- I was watching some races from Turfway the other night, and the kickback seemed even thicker than usual. The people who had claimed that "The most obvious advantage to Polytrack is no kickback" must have also believed that the government of Dubai should be running our ports. I’ve seen some posters on the Derby List speculate that there could conceivably be adverse long-term health effects on the horses that breathe in the synthetic material. Perhaps in a few years, we could see Lawyer Ron, who didn’t care for the surface himself, represent his comrades in a class-action suit against the manufacturers. But that's all just speculation.
Now comes word in Bloodhorse that my observation was prescient - the kickback was more pronounced, and in fact, track officials were summoned into a meeting with jockeys after the 8th race on Saturday. .…The jockeys who called the meeting told officials the track seemed different than it had several days before.
"Some of the fiber was sitting on top of the surface, and it got colder, so it was flying a little more than normal," Elliston said. "The surface was a little looser. We asked them if the surface was unsafe, and they said it wasn't. They were just providing feedback." [Bloodhorse]Track president Bob Elliston speculated that the cold weather makes the surface looser, “but we haven't definitely determined what needs to be done."
The incident comes after some recent grumbling about the surface.
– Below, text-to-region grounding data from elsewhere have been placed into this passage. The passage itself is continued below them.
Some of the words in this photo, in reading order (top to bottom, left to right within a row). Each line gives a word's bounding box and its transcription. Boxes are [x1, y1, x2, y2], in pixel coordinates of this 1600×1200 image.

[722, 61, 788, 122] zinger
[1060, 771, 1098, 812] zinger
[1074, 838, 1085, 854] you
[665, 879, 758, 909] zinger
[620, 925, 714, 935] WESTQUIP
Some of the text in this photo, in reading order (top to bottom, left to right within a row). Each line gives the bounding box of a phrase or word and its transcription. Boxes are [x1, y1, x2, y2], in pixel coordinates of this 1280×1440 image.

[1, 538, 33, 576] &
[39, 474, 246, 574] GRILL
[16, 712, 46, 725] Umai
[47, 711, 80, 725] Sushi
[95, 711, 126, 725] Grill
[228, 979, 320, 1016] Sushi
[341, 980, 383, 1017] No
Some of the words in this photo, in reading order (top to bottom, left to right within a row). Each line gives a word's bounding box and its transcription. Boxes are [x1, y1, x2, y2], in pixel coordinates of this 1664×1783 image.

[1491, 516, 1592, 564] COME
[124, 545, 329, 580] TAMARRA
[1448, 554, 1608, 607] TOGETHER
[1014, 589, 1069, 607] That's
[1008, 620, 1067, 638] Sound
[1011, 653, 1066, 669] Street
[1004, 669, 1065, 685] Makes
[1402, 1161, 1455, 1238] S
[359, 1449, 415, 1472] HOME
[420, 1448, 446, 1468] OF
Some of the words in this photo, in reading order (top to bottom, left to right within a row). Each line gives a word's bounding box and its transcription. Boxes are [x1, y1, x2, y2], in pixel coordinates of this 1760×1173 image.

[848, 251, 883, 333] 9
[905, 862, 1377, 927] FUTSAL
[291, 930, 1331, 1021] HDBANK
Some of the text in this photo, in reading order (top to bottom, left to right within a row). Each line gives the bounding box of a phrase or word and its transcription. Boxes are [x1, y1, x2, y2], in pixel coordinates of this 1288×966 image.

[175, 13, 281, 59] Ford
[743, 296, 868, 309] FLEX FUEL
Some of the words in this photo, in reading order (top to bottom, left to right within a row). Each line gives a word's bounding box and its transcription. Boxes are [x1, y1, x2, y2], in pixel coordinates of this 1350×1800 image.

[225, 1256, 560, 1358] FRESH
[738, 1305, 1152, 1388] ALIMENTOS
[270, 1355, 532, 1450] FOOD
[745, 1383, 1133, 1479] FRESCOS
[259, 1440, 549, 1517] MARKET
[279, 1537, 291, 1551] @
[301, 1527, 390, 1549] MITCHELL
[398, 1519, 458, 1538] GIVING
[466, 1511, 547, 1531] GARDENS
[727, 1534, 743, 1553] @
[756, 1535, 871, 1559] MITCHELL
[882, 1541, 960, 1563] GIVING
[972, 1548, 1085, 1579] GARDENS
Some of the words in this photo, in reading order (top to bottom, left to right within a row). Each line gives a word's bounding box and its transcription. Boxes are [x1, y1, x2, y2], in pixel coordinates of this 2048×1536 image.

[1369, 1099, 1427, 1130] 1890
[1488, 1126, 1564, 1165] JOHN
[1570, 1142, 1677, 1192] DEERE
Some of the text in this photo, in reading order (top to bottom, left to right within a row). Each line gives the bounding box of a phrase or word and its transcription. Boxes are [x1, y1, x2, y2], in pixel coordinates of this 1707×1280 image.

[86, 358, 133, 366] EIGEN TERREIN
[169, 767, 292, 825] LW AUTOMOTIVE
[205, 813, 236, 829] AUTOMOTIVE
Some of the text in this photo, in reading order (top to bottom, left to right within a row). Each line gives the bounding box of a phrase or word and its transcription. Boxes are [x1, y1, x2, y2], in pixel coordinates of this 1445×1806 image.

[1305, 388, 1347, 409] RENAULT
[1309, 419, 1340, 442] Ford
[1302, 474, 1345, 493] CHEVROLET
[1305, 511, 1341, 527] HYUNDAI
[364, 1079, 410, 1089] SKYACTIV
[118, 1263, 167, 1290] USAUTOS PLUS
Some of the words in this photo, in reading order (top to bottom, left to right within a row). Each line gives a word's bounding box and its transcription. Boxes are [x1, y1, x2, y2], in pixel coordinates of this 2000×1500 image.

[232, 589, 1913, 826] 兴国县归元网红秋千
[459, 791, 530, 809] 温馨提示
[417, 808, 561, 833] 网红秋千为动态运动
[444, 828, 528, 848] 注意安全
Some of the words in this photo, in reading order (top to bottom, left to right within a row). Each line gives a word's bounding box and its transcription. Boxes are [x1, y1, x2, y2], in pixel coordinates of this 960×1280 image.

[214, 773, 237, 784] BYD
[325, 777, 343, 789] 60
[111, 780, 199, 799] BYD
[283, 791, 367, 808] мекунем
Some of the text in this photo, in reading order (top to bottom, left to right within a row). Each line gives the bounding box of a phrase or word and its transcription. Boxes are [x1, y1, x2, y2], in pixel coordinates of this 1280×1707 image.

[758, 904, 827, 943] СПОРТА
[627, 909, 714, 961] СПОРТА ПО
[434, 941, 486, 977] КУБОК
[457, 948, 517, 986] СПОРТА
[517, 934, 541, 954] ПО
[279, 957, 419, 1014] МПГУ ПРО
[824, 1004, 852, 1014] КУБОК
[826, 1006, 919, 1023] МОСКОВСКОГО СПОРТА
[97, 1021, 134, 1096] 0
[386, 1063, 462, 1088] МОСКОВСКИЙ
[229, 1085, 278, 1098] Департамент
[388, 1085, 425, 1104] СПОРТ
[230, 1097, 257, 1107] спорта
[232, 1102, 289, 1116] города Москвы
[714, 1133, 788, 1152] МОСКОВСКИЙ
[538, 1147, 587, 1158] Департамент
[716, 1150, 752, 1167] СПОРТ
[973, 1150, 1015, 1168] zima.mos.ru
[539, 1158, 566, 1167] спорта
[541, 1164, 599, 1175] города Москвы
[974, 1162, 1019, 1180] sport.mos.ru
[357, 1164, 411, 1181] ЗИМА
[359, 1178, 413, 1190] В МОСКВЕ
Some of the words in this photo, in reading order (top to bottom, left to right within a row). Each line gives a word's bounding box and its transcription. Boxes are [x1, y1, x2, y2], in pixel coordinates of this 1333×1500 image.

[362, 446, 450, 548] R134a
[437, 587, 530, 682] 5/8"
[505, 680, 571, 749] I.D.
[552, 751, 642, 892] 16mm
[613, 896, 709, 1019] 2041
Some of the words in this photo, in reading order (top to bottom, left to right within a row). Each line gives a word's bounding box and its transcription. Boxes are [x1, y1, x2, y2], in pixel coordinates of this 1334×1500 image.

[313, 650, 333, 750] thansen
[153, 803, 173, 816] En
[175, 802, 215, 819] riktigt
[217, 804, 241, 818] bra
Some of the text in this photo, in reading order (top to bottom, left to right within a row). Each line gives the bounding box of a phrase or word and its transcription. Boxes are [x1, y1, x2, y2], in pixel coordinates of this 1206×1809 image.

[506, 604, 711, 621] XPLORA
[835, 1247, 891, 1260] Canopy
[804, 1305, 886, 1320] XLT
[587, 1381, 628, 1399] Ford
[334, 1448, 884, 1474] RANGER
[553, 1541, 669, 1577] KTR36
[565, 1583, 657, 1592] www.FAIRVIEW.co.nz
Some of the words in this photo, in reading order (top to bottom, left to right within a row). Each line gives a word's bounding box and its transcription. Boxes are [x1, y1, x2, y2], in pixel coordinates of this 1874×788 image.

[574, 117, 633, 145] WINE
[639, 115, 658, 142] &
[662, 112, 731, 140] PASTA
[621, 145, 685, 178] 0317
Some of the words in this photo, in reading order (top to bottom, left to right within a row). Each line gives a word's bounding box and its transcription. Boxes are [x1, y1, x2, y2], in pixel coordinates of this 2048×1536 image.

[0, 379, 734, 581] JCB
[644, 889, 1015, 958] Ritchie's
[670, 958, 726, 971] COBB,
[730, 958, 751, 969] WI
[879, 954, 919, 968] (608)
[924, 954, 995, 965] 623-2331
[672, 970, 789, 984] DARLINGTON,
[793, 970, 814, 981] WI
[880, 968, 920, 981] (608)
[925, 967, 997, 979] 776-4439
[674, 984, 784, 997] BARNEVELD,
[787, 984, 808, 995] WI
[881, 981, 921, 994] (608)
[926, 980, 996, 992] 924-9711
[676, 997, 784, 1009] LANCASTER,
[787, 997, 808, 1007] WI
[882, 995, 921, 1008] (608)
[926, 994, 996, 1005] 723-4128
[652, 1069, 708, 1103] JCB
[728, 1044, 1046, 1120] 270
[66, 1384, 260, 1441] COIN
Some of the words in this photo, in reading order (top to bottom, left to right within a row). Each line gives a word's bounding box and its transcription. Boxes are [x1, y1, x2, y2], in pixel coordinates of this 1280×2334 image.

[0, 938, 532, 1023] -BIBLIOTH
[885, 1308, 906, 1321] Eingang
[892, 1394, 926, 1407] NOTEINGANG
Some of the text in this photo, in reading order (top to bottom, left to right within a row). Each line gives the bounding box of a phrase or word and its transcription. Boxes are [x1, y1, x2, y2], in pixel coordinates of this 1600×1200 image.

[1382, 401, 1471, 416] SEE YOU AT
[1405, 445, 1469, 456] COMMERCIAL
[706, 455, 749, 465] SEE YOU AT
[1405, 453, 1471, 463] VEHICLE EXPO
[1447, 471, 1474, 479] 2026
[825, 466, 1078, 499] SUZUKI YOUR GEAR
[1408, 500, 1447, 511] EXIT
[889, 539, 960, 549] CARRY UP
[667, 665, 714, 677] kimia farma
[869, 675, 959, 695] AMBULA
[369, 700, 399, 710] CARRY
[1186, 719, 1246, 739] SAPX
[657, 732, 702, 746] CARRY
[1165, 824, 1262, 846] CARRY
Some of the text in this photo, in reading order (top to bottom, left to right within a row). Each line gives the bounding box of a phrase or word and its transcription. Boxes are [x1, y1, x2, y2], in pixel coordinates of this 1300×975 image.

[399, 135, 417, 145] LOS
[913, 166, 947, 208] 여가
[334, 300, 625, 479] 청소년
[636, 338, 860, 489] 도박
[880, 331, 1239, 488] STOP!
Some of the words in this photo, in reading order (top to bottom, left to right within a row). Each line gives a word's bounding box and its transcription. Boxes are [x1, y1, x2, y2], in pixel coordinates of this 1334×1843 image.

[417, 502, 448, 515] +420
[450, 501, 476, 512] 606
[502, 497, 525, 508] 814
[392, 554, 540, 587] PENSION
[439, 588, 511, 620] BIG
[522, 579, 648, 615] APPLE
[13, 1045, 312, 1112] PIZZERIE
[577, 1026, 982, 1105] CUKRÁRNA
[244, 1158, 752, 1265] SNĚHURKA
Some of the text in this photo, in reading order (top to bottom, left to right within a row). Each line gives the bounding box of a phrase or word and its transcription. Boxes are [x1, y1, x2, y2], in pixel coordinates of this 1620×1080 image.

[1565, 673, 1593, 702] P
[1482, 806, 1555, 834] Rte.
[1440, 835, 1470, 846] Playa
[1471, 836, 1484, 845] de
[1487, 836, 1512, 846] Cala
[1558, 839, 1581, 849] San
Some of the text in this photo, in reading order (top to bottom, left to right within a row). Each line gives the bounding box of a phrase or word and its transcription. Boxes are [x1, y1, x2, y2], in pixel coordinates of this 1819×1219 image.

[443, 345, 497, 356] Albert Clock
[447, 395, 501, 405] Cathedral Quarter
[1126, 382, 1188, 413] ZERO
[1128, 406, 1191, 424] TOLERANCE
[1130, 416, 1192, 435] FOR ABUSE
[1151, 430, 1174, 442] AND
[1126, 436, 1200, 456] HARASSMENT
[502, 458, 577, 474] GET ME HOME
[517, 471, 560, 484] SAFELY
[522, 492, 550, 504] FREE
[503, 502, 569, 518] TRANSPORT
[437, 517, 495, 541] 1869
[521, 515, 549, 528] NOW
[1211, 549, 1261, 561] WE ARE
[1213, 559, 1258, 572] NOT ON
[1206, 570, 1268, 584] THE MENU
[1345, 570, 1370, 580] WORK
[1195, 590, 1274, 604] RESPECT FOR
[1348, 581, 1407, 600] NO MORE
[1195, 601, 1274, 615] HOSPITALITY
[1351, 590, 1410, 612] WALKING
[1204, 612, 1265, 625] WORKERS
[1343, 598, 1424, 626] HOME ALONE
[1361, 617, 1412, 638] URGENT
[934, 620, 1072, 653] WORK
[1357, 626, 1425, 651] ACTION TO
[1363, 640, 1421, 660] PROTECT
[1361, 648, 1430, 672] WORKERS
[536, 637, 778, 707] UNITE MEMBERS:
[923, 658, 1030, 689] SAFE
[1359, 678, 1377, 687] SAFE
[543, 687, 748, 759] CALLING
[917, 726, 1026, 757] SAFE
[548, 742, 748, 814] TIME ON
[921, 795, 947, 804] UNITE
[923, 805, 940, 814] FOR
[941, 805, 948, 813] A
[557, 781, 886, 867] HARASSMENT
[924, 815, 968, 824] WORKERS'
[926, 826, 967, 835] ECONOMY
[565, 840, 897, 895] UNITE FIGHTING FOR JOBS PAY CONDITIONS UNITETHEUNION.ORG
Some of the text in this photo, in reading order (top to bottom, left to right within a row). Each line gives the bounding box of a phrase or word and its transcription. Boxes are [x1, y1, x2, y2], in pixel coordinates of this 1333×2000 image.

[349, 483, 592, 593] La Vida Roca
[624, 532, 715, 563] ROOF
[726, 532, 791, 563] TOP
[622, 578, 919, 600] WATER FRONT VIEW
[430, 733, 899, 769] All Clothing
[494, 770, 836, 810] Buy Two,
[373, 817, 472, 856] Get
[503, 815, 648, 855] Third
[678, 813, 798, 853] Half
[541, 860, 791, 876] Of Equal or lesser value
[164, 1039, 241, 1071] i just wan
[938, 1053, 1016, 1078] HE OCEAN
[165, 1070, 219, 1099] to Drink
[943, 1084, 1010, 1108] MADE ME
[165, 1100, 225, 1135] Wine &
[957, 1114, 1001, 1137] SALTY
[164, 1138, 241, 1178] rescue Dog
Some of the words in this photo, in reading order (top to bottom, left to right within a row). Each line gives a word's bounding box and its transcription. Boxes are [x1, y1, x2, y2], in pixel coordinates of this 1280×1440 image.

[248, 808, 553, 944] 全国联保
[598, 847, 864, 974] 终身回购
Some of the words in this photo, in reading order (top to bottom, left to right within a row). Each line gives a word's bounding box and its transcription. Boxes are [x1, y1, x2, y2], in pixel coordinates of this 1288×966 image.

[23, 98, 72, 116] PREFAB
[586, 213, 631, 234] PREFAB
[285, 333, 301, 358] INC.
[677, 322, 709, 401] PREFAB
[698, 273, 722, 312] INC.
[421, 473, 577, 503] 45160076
Railbird linked to an article in the Guardian UK containing complaints that Polytrack made it harder to pick winners, reducing betting "to the level of a lottery, almost," and citing a reduction in winning favorite percentage from 36% to 30% at one race meeting there.
And then there was Andy Beyer’s column in which he complained that the lack of a track bias and more uniformity will deprive bettors of many of those edges [that] come from detecting differences in racetracks. [Washington Post] Patrick at Pulling Hair partially countered those complaints by pointing out that: good speed will still kill in racing, and cheap speed will set up for stalkers, and ludicrous speed will be used on ships in Spaceballs and set up for closers.
Beyer wrote that the sameness of Polytrack will deprive the game of its subtleties and make it too predictable, comparing it to that usual whipping boy, harness racing. In response to that, I’ll say that despite the fact that the trotters race the same distance every time, discerning bettors can still get plenty of juice from variable factors such as post positions, different pace scenarios, driver changes, track sizes (half mile to mile configurations), class moves, and, of course, our old friend the tote board. That being the case, I don’t need to list for you readers all the variables that would still make thoroughbred racing the fascinating and potentially profitable game that it is, even if track biases are reduced. As Patrick said, bettors don't get kicks out of cheap speed going gate to wire, and the reduction in breakdowns and the incredible 80% increase in total handle at Turfway shows that whatever its faults, Polytrack has been fantastic for the horses and the bettors. And what else can you ask for?